The former does not tell you the port on which the slaves are listening. The latter requires that you configure report_host and report_port properly.

What I would like to see is a SHOW SLAVES STATUS command (or similar INFORMATION_SCHEMA table) on the master. Such that it lists connected slaves, one per row, with the following details:

  • Slave_host (this is easy, already exists in SHOW PROCESSLIST)
  • Slave_port (slave should send this kind of information to master upon first connect)
  • Slave_master_log_file (last log file requested by slave)
  • Slave_master_log_pos (last log pos requested by slave)
  • Slave_seconds_behind_master (slave should report this upon each request)
  • Slave_server_id (slave should send this upon connect)

By reading Slave_host, Slave_port & Slave_server_id, it makes it easy for us to build replication topology. It’s a single operation to detect a master’s slaves. It takes recursive steps to build entire topology.

By reading the Slave_master_log_file, Slave_master_log_pos, we can easily determine that binary logs up to that point have already been written to the slave’s relay log. This makes it easier to decide how to purge master logs. Slave_seconds_behind_master completes the replication picture.

4 thoughts on “Impressions from MySQL conf 2011, part III: BoF Replication

  1. Hi Shlomi,

    As of 5.5 you are no longer required to properly configure the report_host option:

    “Displays a list of replication slaves currently registered with the master. (Before MySQL 5.5.3, only slaves started with the –report-host=host_name option are visible in this list.)”
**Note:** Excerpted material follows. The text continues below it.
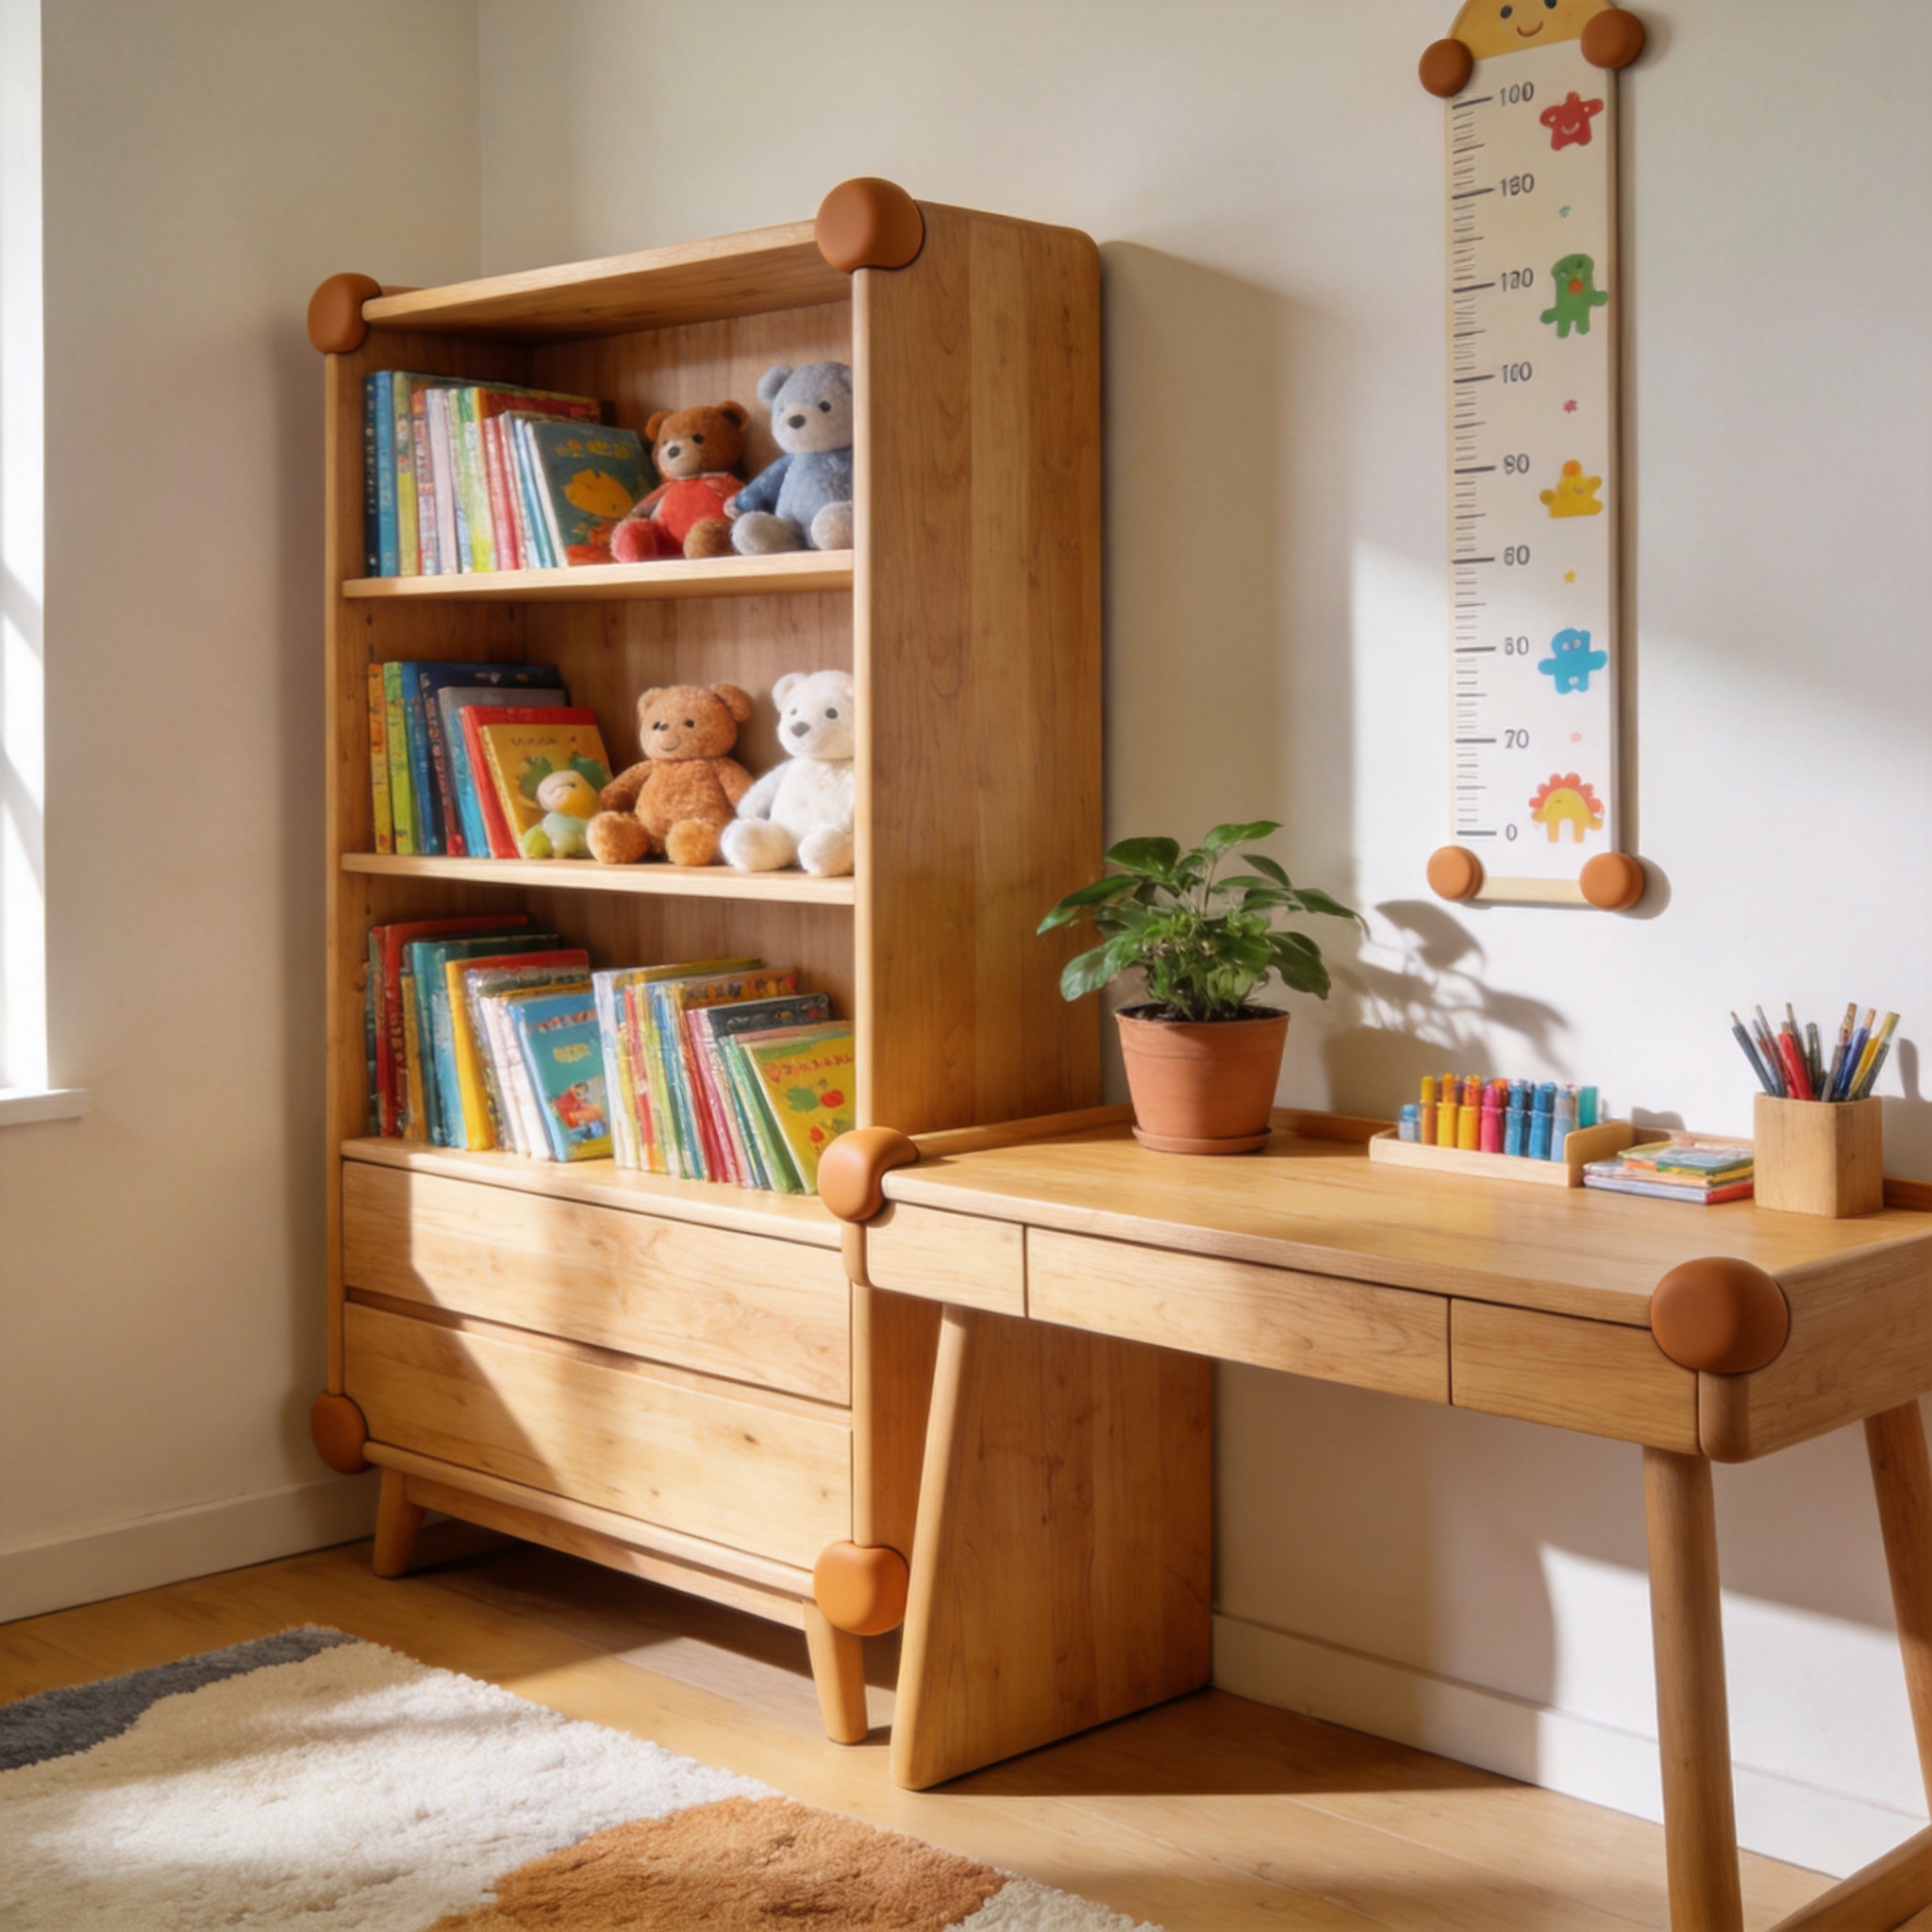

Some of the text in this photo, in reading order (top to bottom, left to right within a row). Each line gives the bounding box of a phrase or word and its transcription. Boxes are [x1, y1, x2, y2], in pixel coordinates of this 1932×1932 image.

[1499, 81, 1535, 107] 100
[1504, 728, 1530, 750] 70
[1505, 823, 1519, 842] 0
    http://dev.mysql.com/doc/refman/5.5/en/show-slave-hosts.html

    And.. I feel your pain with replication topology – to do this properly is quite a chore (we jump through a few hoops in MEM to do this as well).

    We were lucky enough to have the replication team’s ear however, and 5.6 answers some prayers – each instance has a UUID automatically created for it on startup now, and that is then peppered through SHOW VARIABLES (server_uuid), SHOW SLAVE STATUS (Master_UUID) and SHOW SLAVE HOSTS (Slave_UUID):

    http://dev.mysql.com/doc/refman/5.6/en/show-slave-status.html
    http://dev.mysql.com/doc/refman/5.6/en/show-slave-hosts.html

    You can just walk the uuid chain, assuming you are getting data for all of the servers in the topology. SHOW SLAVE HOSTS can tell you the ones you don’t know about consistently now as well.